Often payloads embedded in models uploaded by researchers include a range of unharmful actions.
“However, in the case of the model from ‘baller423/goober2’ repository, the payload differs significantly. Instead of benign actions, it initiates a reverse shell connection to an actual IP address, 210.117.212.93,” Cohen wrote. “This behavior is notably more intrusive and potentially malicious, as it establishes a direct connection to an external server, indicating a potential security threat rather than a mere demonstration of vulnerability.”
He added that “such actions highlight the importance of thorough scrutiny and security measures when dealing with machine learning models from untrusted sources.”
Soon after the model was removed, the JFrog researchers found other instances of the same payload but different IP addresses, including an active instance with a similar model name – star23/baller13 – to the previous one.
Earlier this month, researchers with HiddenLayer, a two-year-old startup whose product aimed to protect AI models, outlined how threat actors can compromise Hugging Face’s Safetensors service that’s designed to convert insecure machine learning models into safer versions.
In their report, HiddenLayer researchers Eoin Wickens and Kasimir Schulz wrote that “it’s possible to send malicious pull requests with attacker-controlled data from the Hugging Face service to any repository on the platform, as well as hijack any models that are submitted through the conversion service.”
They were able to do this by using a hijacked PyTorch model that the service bot associated with Safetensors would convert, which would let the hackers request changes to any repository on the Hugging Face platform by impersonating the conversion bot. In addition, they wrote that “it is possible to persist malicious code inside the service so that models are hijacked automatically as they are converted.”
The code for the conversion service is run on Hugging Face servers, but the system is containerized in Hugging Face Spaces, where any platform user can run code, Wickins and Schulz wrote.
They noted that some of the most popular serialization formats are vulnerable to arbitrary code execution, including Pickle, a format that is key to the PyTorch library. Hugging Face created Safetensors as a more security serialization format than Pickle and a bulwark against supply-chain risks.
The conversion service was created to convert any PyTorch model in the repository into a Safetensor model through a pull request.

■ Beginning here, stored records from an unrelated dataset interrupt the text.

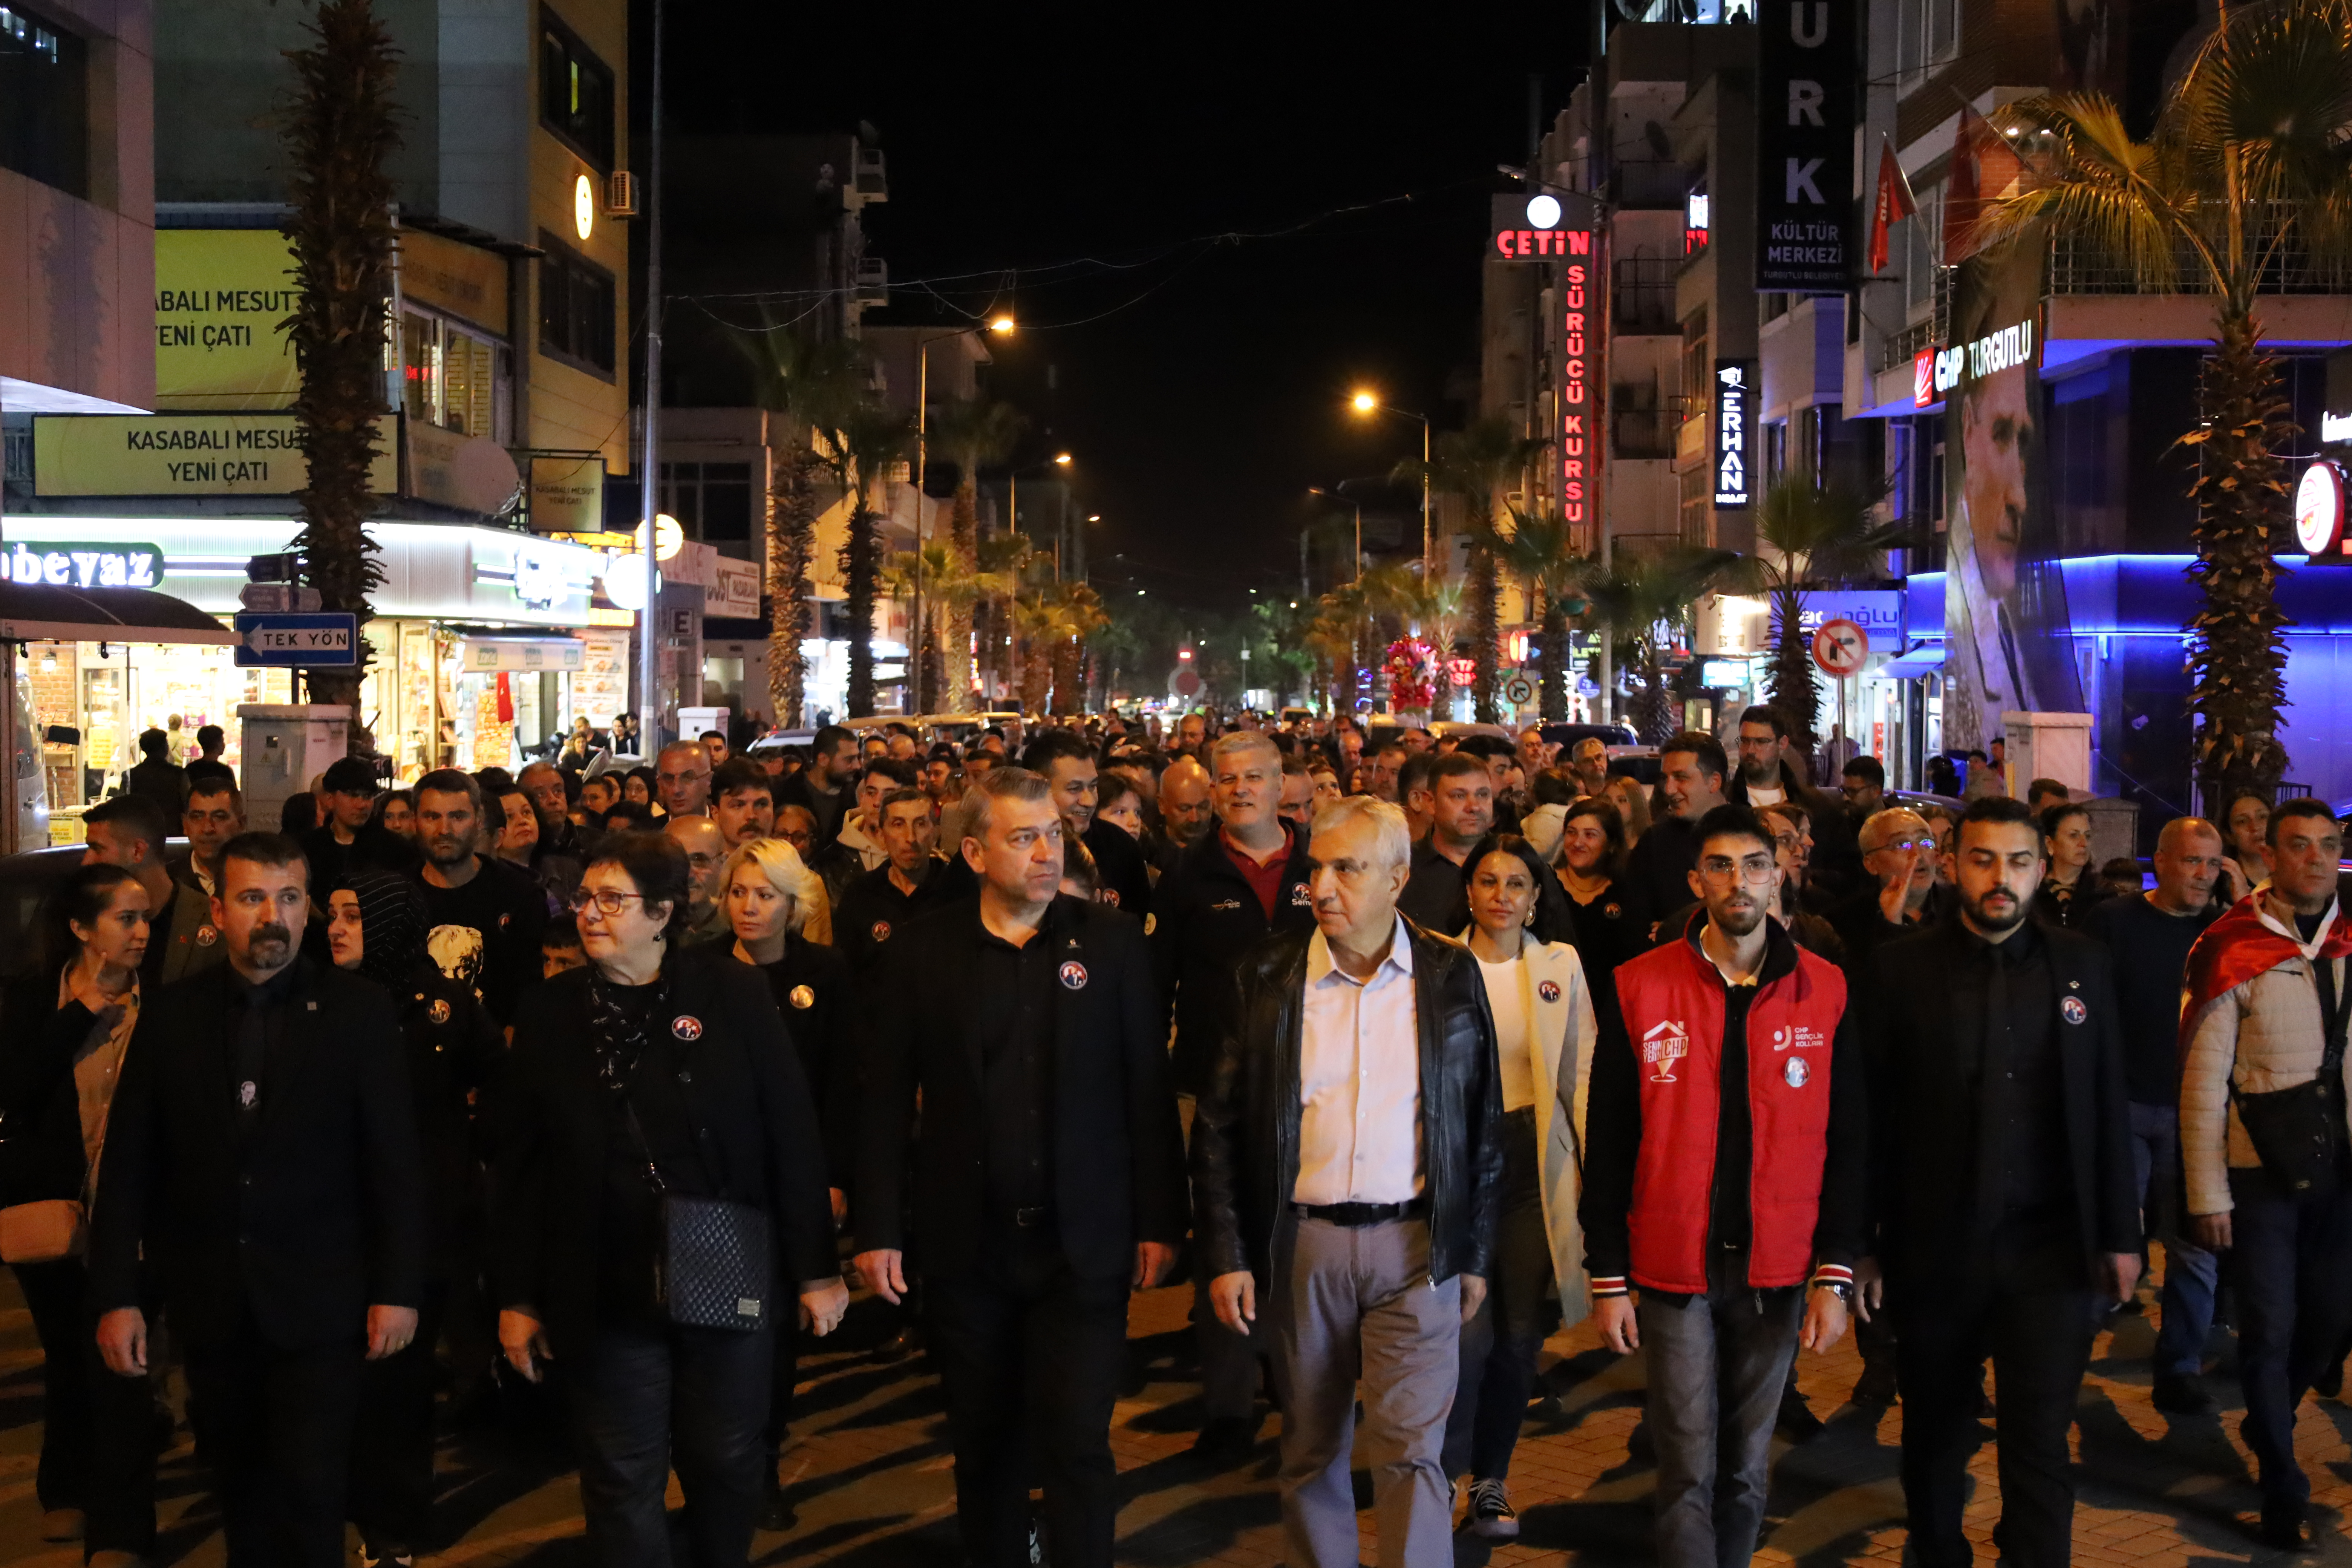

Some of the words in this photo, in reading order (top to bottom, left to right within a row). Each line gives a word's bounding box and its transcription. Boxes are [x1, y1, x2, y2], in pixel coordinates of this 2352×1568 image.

[1772, 220, 1839, 240] KÜLTÜR
[1768, 243, 1842, 263] MERKEZİ
[217, 291, 294, 311] MESUT
[202, 325, 250, 352] ÇATI
[1566, 265, 1585, 404] SÜRÜCÜ
[1935, 345, 1964, 392] CHP
[1968, 319, 2032, 380] TURGUTLU
[128, 430, 229, 450] KASABALI
[1720, 392, 1743, 490] ERHAN
[167, 457, 216, 481] YENİ
[223, 461, 268, 486] ÇATI
[1564, 415, 1583, 522] KURSU
[264, 633, 298, 646] TEK
[309, 630, 347, 646] YÖN
[1795, 1032, 1824, 1040] GENÇLİK
[1664, 1038, 1686, 1056] CHP

To test the Safetensors environment and prove their theory, the researchers created a malicious PyTorch binary and deployed it on a local version of the conversion service rather on the live service. They noted that the Safetensors conversion bot was designed to protect the more than 500,000 models uploaded to the Hugging Face platform, but said they proved it could be hijacked.
Wickins and Schulz wrote that they alerted Hugging Face to the issue before publishing the report.